Ingredients
For the salad:
- 1 1/2 pounds butternut squash (peeled, seeded, and cut into 1/2-inch cubes, about 3-1/2 cups)
- 2 tablespoons extra-virgin olive oil
- 1/2 teaspoon kosher salt
- Freshly ground black pepper, to taste
- 2 cups kale leaves, stems removed, shredded
- 1 cup purple cabbage, shredded
- 1 cup mixed spring greens
- 1 cup Israeli pearl couscous, cooked
- 1/4 cup pistachios, chopped
- 4 ounces feta cheese, crumbled
- 1/2 cup pomegranate seeds
For the vinaigrette:
- 2 tablespoons extra-virgin olive oil
- 1 teaspoon maple syrup
- 1 tablespoon balsamic vinegar
- 1/2 teaspoon Dijon mustard
- 1 teaspoon lemon juice
- Pinch kosher salt
- Freshly ground black pepper to taste.
Directions
- Place a baking sheet on the middle rack of oven and heat oven to 425 F.

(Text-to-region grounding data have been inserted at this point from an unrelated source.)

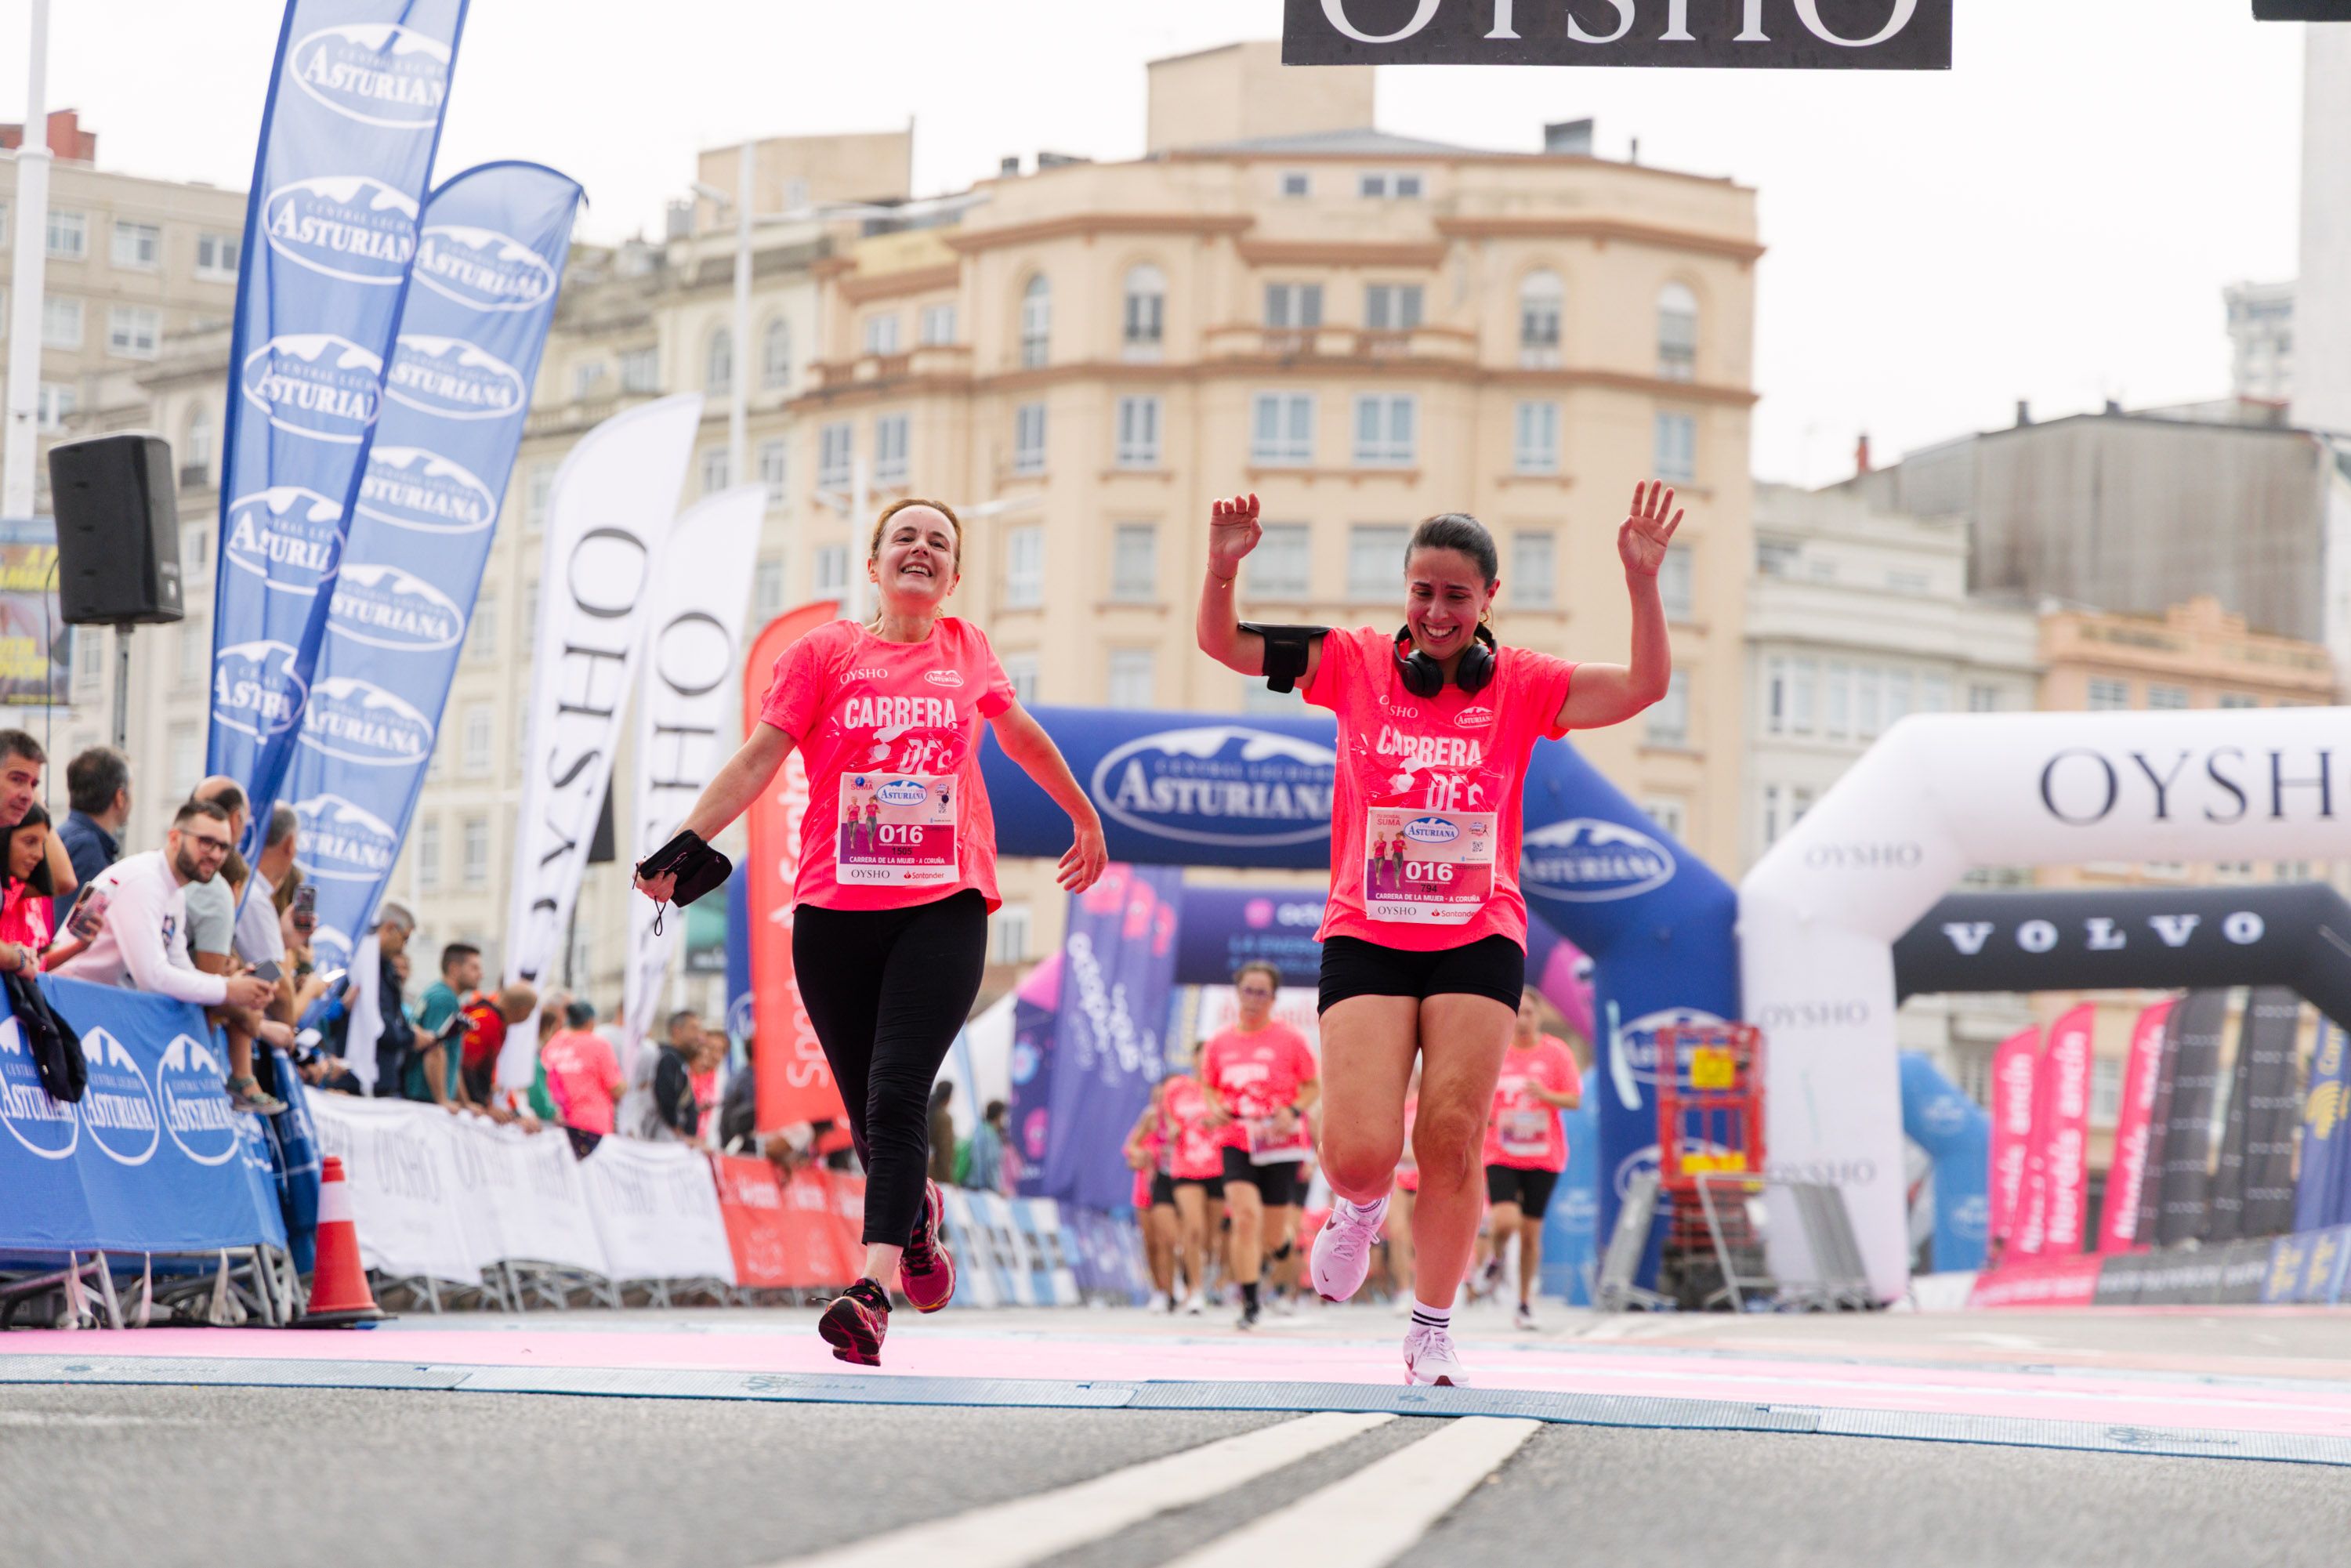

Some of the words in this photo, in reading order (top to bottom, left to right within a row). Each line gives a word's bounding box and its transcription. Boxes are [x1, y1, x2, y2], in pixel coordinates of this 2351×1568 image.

[303, 42, 444, 107] ASTURIAN
[272, 197, 415, 264] ASTURIAN
[388, 361, 512, 410] STURIANA
[360, 476, 481, 525] STURIANA
[329, 591, 450, 642] STURIANA
[839, 668, 888, 685] OYSHO
[844, 696, 958, 730] CARRERA
[1379, 694, 1418, 719] OSHO
[1458, 715, 1493, 725] ASTURIAN
[1375, 724, 1483, 767] CARRERA
[881, 788, 924, 801] ASTURIANA
[2039, 747, 2336, 827] OYSH
[879, 824, 924, 844] 016
[1408, 825, 1455, 838] ASTURIANA
[892, 847, 912, 856] 1505
[1806, 841, 1923, 870] OYSHO
[851, 869, 890, 878] OYSHO
[1405, 861, 1453, 882] 016
[1421, 884, 1437, 893] 794
[1378, 906, 1417, 916] OYSHO
[1941, 911, 2265, 956] VOLVO
[85, 1084, 157, 1131] ASTURIANA
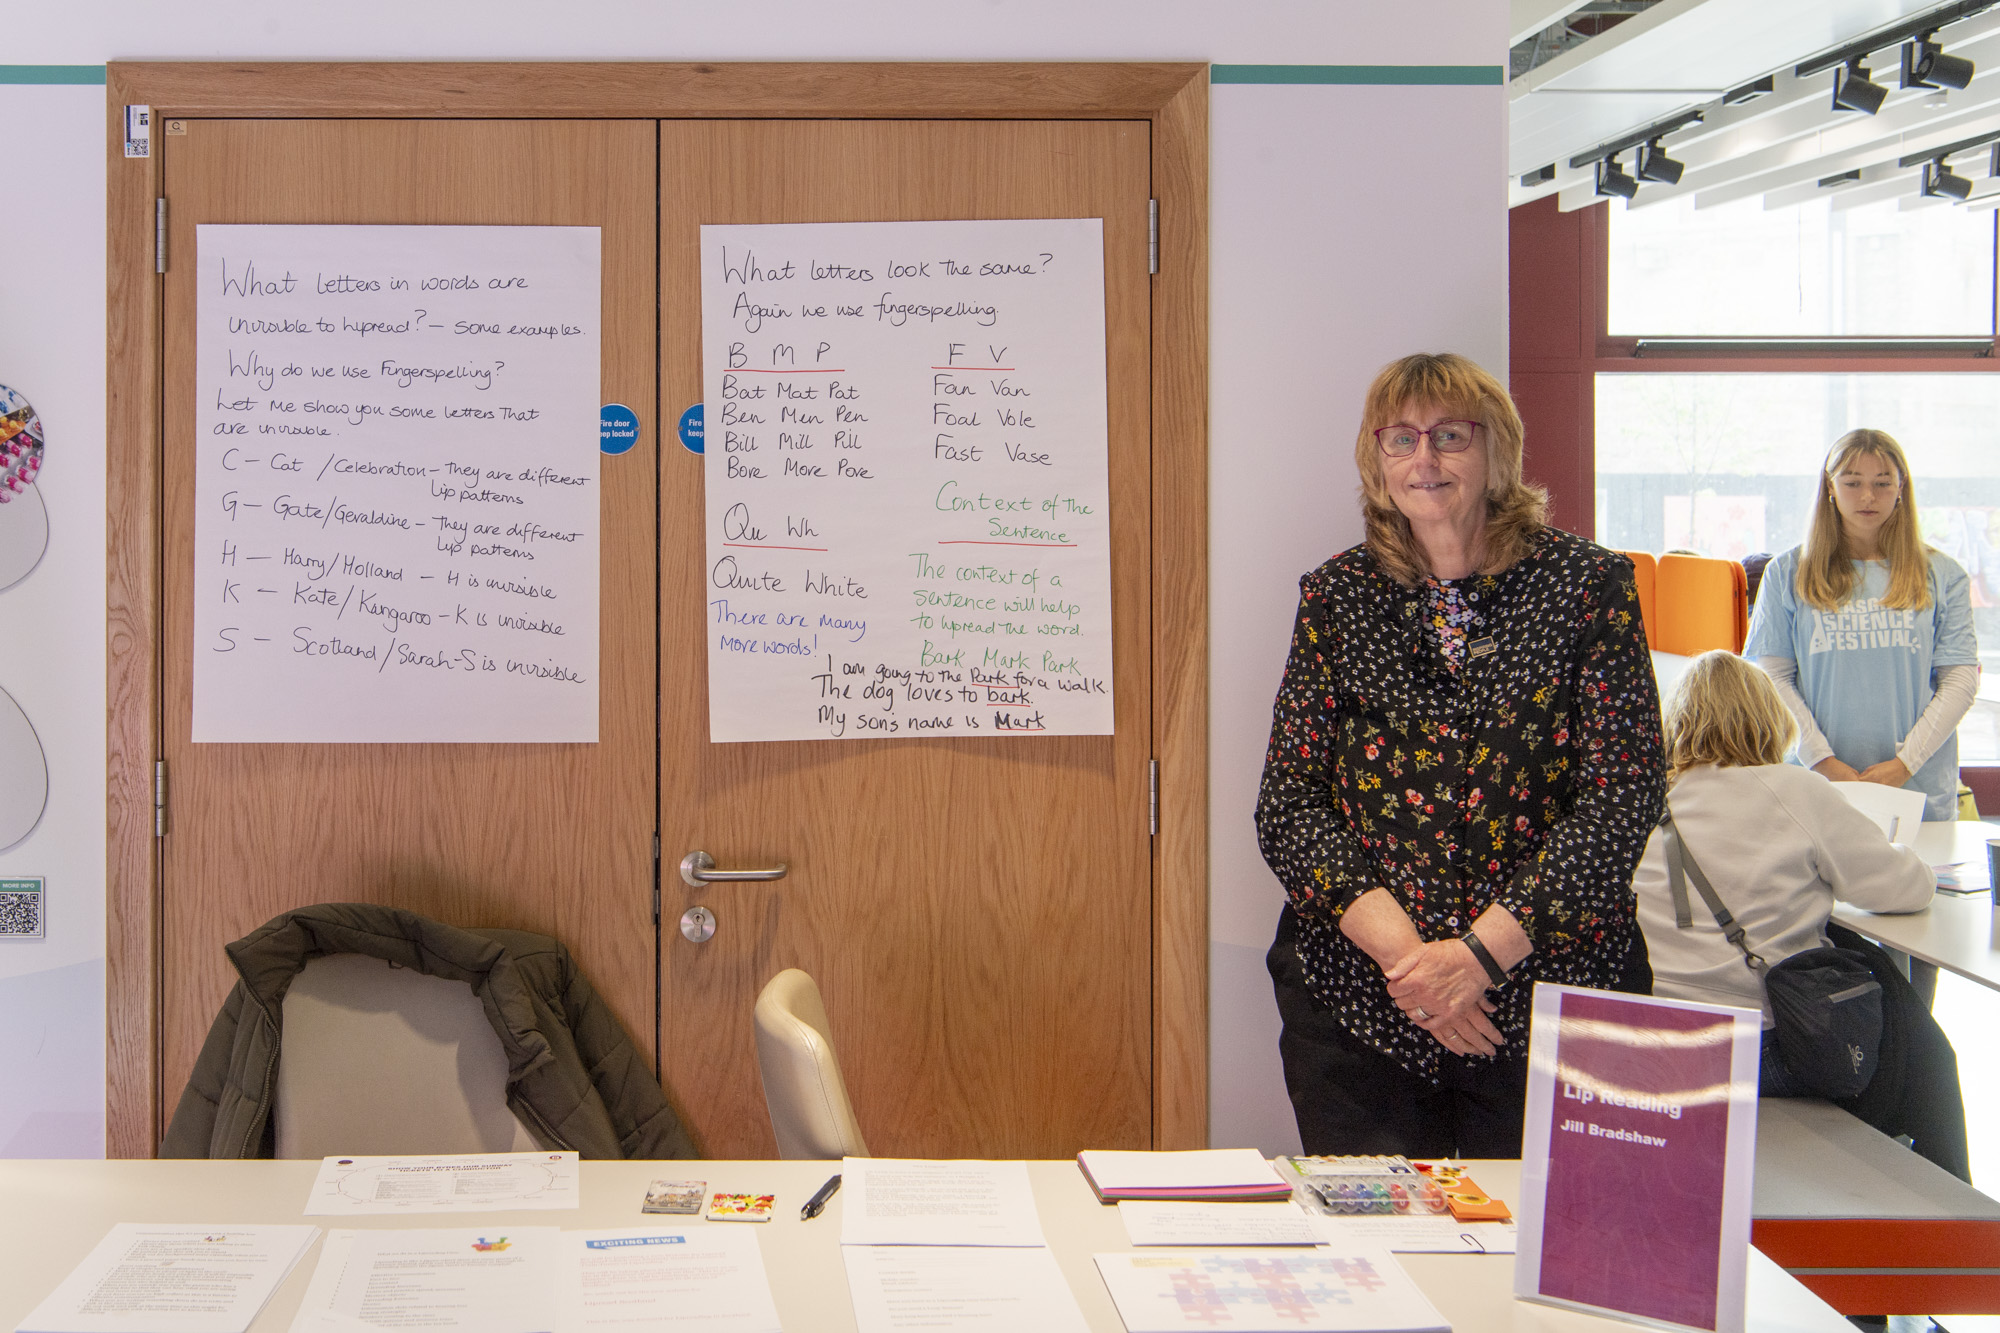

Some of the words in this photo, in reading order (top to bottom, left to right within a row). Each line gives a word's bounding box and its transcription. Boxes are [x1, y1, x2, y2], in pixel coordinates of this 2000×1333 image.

- In a large bowl, toss the butternut squash with the olive oil, salt and black pepper.
- Once the oven is preheated, take the baking sheet out and dump the butternut squash onto the pan in one layer.
- Place the baking sheet back into the oven and roast for 20-25 minutes (tossing the squash halfway through), until the squash is fork tender. Remove from the oven.
- Prepare the vinaigrette by placing all of the ingredients in a bowl and whisking until thoroughly combined. Set aside.
- Mix together the kale, purple cabbage, spring greens and couscous. Add the butternut squash, pistachios and feta cheese and toss together.
- Drizzle the vinaigrette over the salad and gently toss to combine.
- Top with pomegranate seeds and serve.